■ YOUR GOAL
Repeat the data exactly. Pictures stay out.

■ AVAILABLE DATA
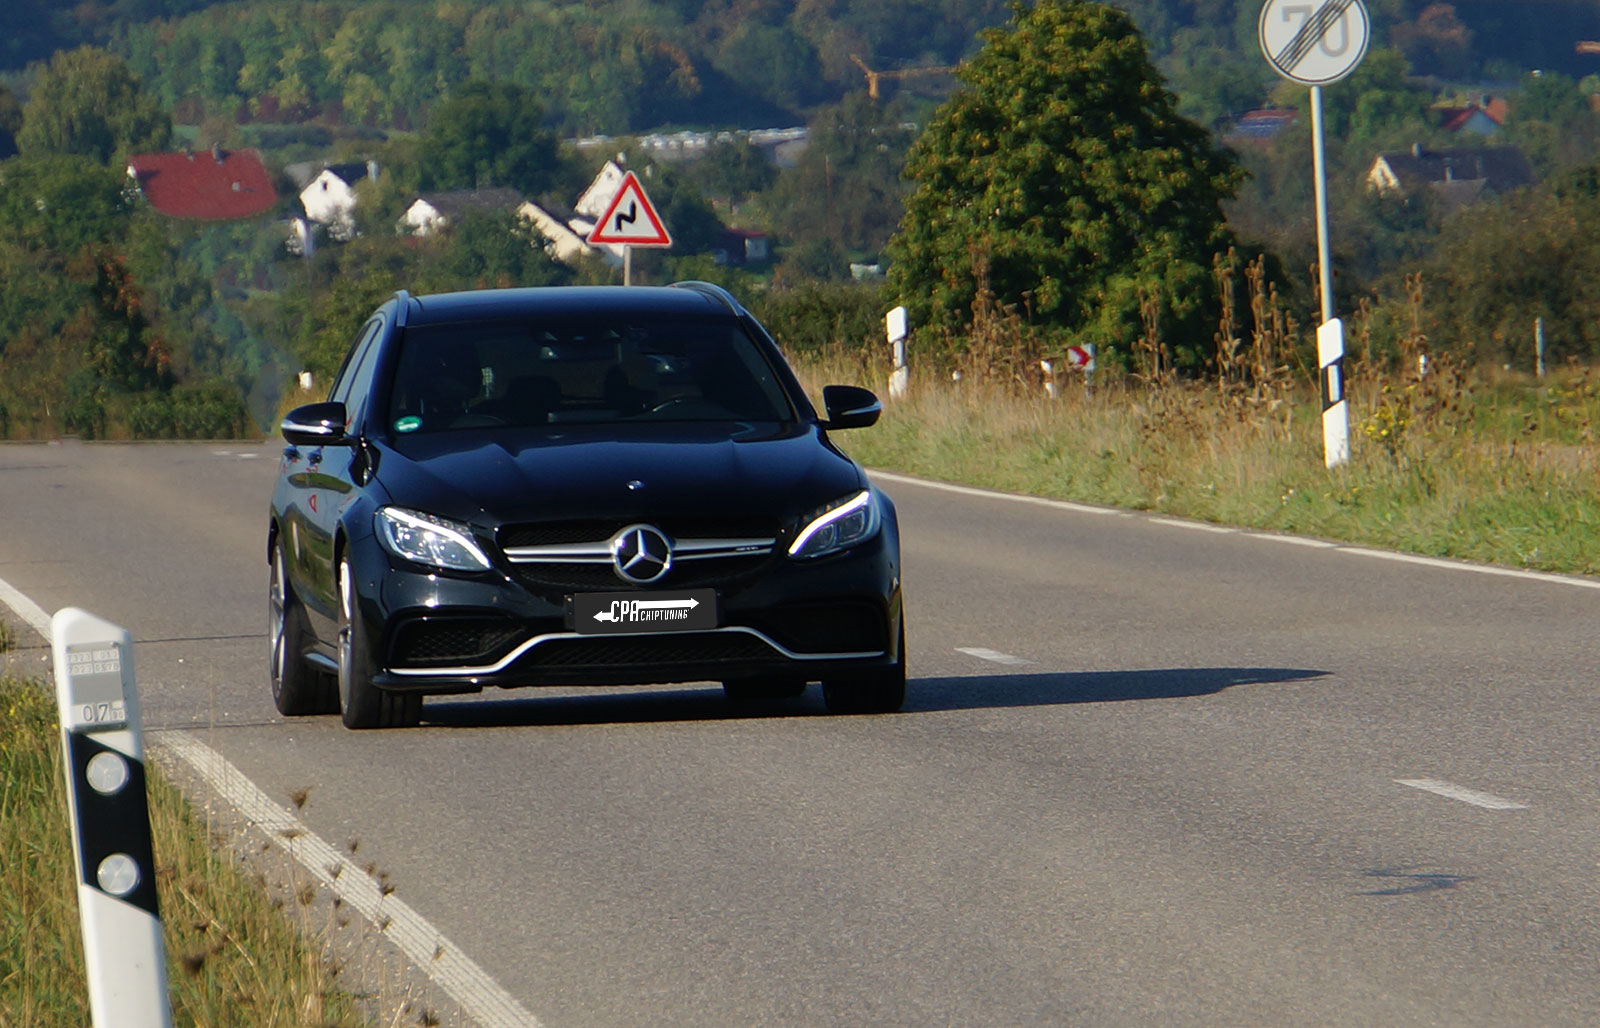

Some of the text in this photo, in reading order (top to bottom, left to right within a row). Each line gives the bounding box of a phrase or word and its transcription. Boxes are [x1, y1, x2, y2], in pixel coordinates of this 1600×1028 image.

[1281, 4, 1349, 57] 70
[610, 600, 688, 622] CPA CHIPTUNING
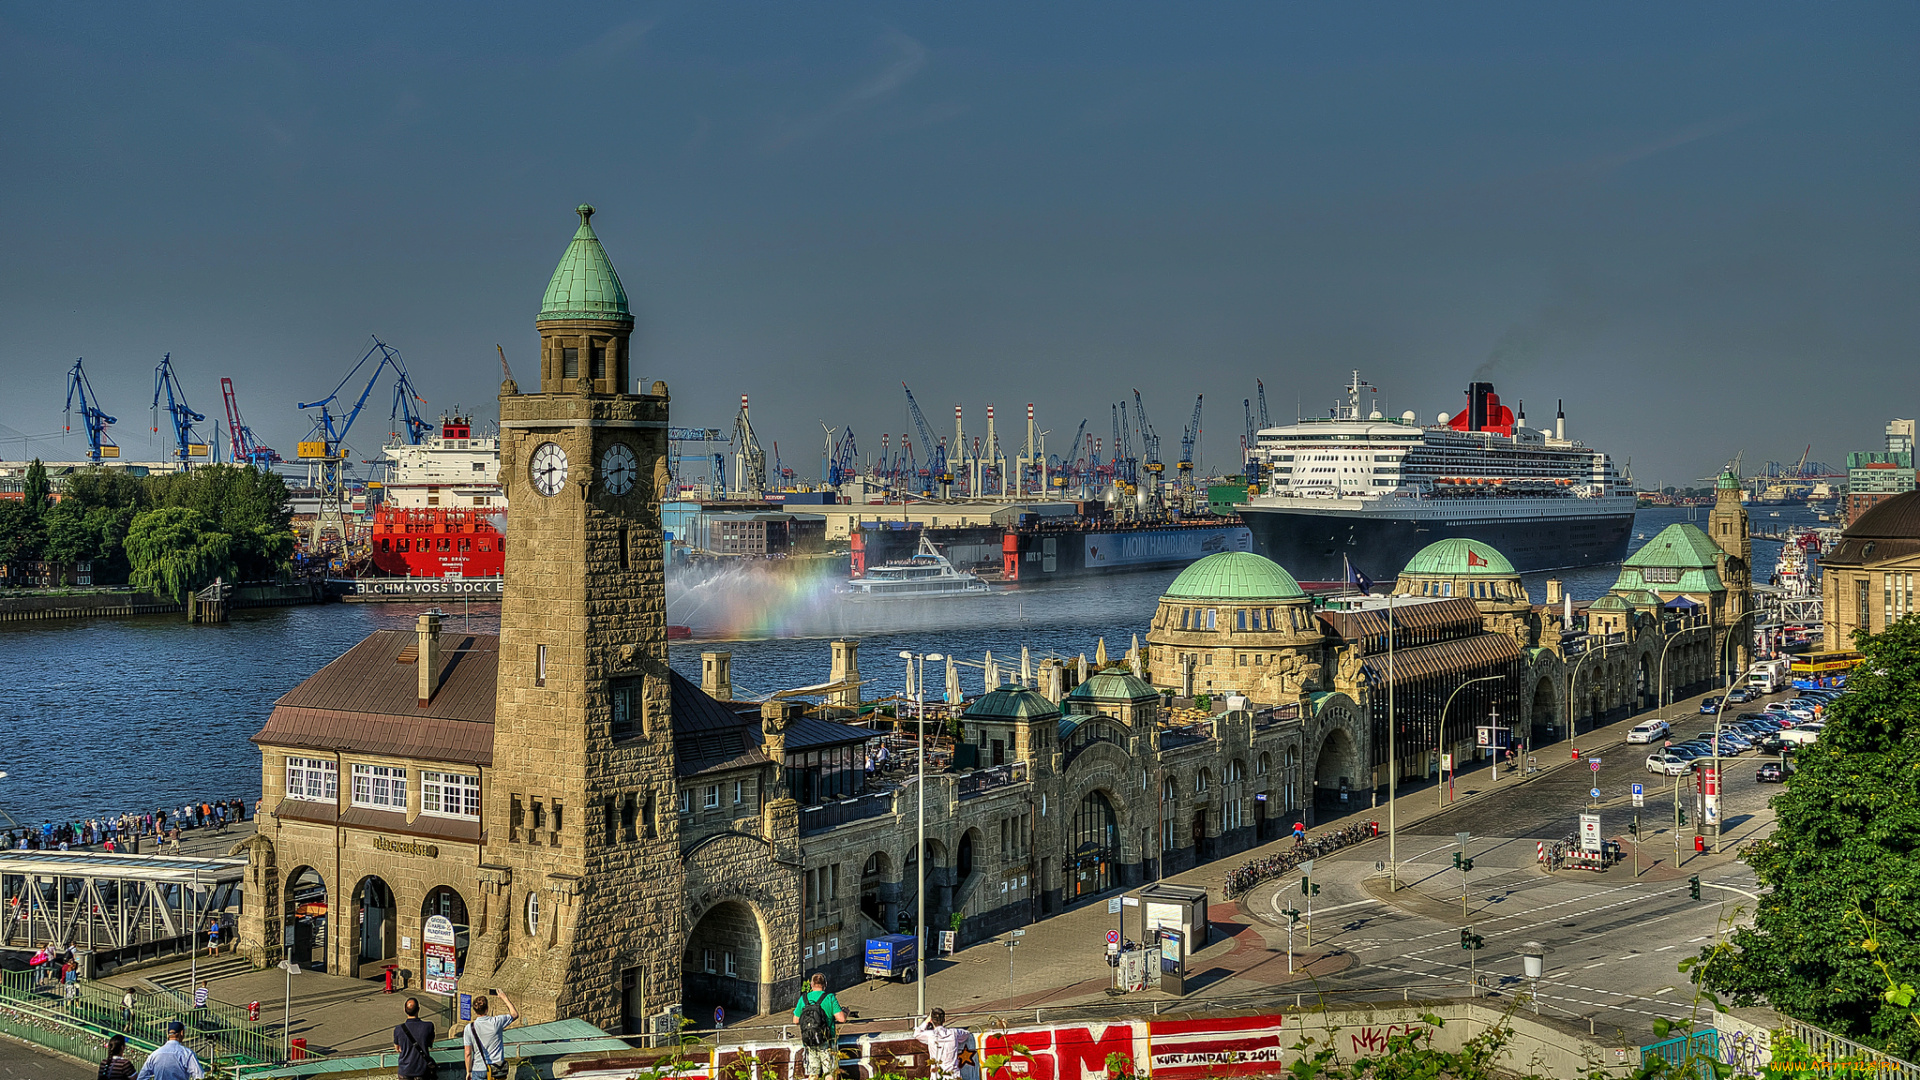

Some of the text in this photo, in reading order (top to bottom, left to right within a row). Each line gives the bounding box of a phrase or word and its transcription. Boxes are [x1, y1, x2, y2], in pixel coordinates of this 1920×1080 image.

[1122, 536, 1147, 557] MOIN
[454, 582, 491, 593] DOCK
[427, 980, 454, 992] KASSE
[1156, 1053, 1184, 1065] KURT
[1249, 1049, 1278, 1061] 2014

■ REPLY
Some of the text in this photo, in reading order (top to bottom, left to right within a row). Each line gives the bounding box of a phrase or word and its transcription. Boxes are [x1, y1, x2, y2], in pixel coordinates of this 1600×1028 image.

[1281, 4, 1349, 57] 70
[610, 600, 688, 622] CPA CHIPTUNING

Some of the text in this photo, in reading order (top to bottom, left to right within a row). Each line gives the bounding box of a phrase or word and its transcription. Boxes are [x1, y1, x2, y2], in pixel coordinates of this 1920×1080 image.

[1122, 536, 1147, 557] MOIN
[454, 582, 491, 593] DOCK
[427, 980, 454, 992] KASSE
[1156, 1053, 1184, 1065] KURT
[1249, 1049, 1278, 1061] 2014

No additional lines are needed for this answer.